Mixed Messages for Multiple Audiences

by John F. Cullinan

President Obama’s characteristic ambivalence about American purpose and power was the unstated theme running through last night’s Oval Office address. As is often the case, what the president actually said was in some respect less significant that what he could not bring himself to say. And the messages that the president did send over the past week are likely to confuse the American people, the foreign policy and defense bureaucracies, and allies and adversaries alike.

1. Lessons Learned. The president’s continued distortion of the nature and success of the surge strategy remains an insuperable obstacle to applying the lessons learned to ongoing and future military operations. It’s not a matter of the president’s admitting that his own judgment was profoundly mistaken, but rather of his acknowledging that the surge was a radical shift of overall strategy that brought ends and means into proper balance for the first time. Protecting the Iraqi population — correctly identified as the conflict’s center of gravity — meant moving troops out of isolated Forward Operating Bases and seizing back the initiative from the insurgents at the certain cost of higher American casualties in the short term.

Yet President Obama persists in misstating the nature of the surge, minimizing its decisive effects, and misplacing its true authorship. “The Americans who served in Iraq” “shifted tactics,” he said last night. That was not the case, of course. The surge was a political decision made in the Oval Office and carried out on the ground by fresh military leadership, whose failed predecessors had treated a light footprint and force protection as ends rather than means.

2. Grand Strategy. Last night’s speech continues to treat al-Qaeda and its Taliban allies as discrete threats wholly unconnected to any broader ideological underpinnings. Both are manifestations of the armed wing of political Islam, a violent ideology whose existence this administration continues to deny. Yet how does the administration justify the sacrifices called for in Afghanistan — where 19 Americans were killed since Saturday — without linking these sacrifices to broader aims and wider threats? And when will the administration begin treating the American people as grown-ups by honestly acknowledging the source and nature of threats we’re reminded of every day of at every airport and government office?

3. Iraq’s Future. Last night’s speech marks a substantial improvement over the president’s weekly radio address, in which he gave the unmistakable impression that the Iraqis are entirely on the own: “Like any sovereign nation, Iraq is free to chart its own course. And by the end of next year, all of our troops will be home.” As he is wont to do, the president walked back this remark with an equally unqualified assertion: “This new approach reflects our long-term partnership with Iraq — one based on mutual interest and mutual respect.” What the Iraqis are meant to take from this contradiction is anybody’s guess, but the same confusion also applies closer to home. To cite just one example, how far is the U.S. committed to defending Iraq against the relentless Iranian subversion that the president’s aides acknowledge?

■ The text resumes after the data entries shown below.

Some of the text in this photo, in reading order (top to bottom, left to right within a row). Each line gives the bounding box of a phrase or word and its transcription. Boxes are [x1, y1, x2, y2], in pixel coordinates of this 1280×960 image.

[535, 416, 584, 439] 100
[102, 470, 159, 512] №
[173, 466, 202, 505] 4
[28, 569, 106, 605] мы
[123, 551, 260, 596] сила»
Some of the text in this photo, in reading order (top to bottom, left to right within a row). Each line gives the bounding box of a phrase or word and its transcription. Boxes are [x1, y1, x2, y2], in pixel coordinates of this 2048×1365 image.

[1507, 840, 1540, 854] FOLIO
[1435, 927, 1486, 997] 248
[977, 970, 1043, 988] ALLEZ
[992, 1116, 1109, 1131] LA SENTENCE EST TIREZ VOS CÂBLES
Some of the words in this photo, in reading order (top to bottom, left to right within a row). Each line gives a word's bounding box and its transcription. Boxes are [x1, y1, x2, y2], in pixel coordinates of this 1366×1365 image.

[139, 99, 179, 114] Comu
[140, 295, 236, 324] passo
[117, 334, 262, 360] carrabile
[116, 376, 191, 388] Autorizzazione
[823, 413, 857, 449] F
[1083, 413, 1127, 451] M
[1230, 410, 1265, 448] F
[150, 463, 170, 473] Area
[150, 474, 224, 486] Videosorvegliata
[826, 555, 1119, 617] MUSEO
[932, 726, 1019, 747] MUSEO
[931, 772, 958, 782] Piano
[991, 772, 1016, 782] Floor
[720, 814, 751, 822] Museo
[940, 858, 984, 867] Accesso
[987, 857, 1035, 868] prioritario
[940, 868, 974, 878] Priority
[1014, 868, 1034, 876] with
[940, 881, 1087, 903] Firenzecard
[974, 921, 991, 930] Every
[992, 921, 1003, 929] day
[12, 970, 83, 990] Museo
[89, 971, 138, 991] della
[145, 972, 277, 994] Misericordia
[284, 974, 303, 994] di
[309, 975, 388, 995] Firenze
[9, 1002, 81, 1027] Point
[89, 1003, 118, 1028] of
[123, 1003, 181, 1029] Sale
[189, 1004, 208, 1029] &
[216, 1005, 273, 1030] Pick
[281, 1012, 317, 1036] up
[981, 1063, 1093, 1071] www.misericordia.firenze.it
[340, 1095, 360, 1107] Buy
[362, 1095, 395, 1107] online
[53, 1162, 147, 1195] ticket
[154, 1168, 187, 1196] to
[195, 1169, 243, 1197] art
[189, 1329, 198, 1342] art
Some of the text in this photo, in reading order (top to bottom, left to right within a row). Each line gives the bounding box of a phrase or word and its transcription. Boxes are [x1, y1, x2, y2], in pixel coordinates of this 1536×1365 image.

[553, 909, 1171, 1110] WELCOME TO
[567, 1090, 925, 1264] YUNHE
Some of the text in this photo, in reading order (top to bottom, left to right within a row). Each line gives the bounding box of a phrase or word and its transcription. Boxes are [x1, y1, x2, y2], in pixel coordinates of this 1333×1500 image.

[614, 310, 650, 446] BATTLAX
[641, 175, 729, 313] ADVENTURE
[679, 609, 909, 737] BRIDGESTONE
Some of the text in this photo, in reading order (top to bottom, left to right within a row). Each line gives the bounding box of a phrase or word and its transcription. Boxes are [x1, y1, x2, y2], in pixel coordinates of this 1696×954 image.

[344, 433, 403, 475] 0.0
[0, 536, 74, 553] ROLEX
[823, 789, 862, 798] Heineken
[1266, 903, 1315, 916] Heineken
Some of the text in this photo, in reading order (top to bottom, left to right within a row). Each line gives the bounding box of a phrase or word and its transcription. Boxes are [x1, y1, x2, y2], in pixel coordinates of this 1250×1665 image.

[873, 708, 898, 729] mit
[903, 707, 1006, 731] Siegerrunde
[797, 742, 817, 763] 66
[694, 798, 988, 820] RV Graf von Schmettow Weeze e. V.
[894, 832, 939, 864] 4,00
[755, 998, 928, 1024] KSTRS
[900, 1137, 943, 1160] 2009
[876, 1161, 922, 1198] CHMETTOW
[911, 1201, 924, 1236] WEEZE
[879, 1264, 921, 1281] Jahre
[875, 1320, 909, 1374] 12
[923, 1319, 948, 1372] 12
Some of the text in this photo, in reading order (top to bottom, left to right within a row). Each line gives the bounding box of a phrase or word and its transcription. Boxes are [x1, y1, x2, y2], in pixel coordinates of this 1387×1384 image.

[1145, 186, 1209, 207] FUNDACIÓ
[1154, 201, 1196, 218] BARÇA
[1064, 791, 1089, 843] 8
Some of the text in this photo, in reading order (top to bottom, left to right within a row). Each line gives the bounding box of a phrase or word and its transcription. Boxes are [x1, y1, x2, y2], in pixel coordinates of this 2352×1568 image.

4. Presidential Guidance. Anyone who’s worked in official Washington knows that presidential statements are the gold standard for the officials who are charged with developing and carrying out policy. The president’s words are quoted as the basis for practically every initiative being considered, even if the real stakes are merely inter-office or inter-agency disputes at State or Defense. When the president leaves matters unclear, as in this case, the result is often freelancing or muddle or policy paralysis. How — and how much — does Iraq still matter, as a matter of both moral responsibility and regional strategy? For instance, what are U.S. responsibilities for Iraq’s internally displaced (2.7 million people) and refugee (2 million) populations, categories that include most of Iraq’s pre-war Christian minority?

5. Historical Perspective. It’s not enough to acknowledge the Iraq War as “a remarkable chapter in the history of the United States” and immediately conclude: “Now, it’s time to turn the page.” No one expects this president to revise his opposition to the war or to deliver a definitive historical judgment on its costs and benefits, which in any case means weighing incommensurables. But some appreciation for the progress Iraq has made — and some acknowledgment of the toxic legacy of the Republic of Fear — would have been welcome, especially as measured against Iraq’s neighbors. For instance, the nonpartisan Brookings Iraq Index cites measurable progress in various areas — including on its Index of Political Freedom, which ranks Iraq fourth in the region, behind Israel, Lebanon, and Morocco but well ahead of such U.S. allies as Jordan and Egypt, not to mention bottom-dwellers like Saudi Arabia and most of the Gulf states. And Iraq’s hard-fought constitution, notwithstanding some very real defects, is miles ahead of any regional counterpart in fostering democracy and some respect for human rights.

As a candidate for office, Barack Obama liked to say that “words matter.” As president, he would do well to remember that his words matter still more.

– John F. Cullinan has written about Iraq for NRO since 2002.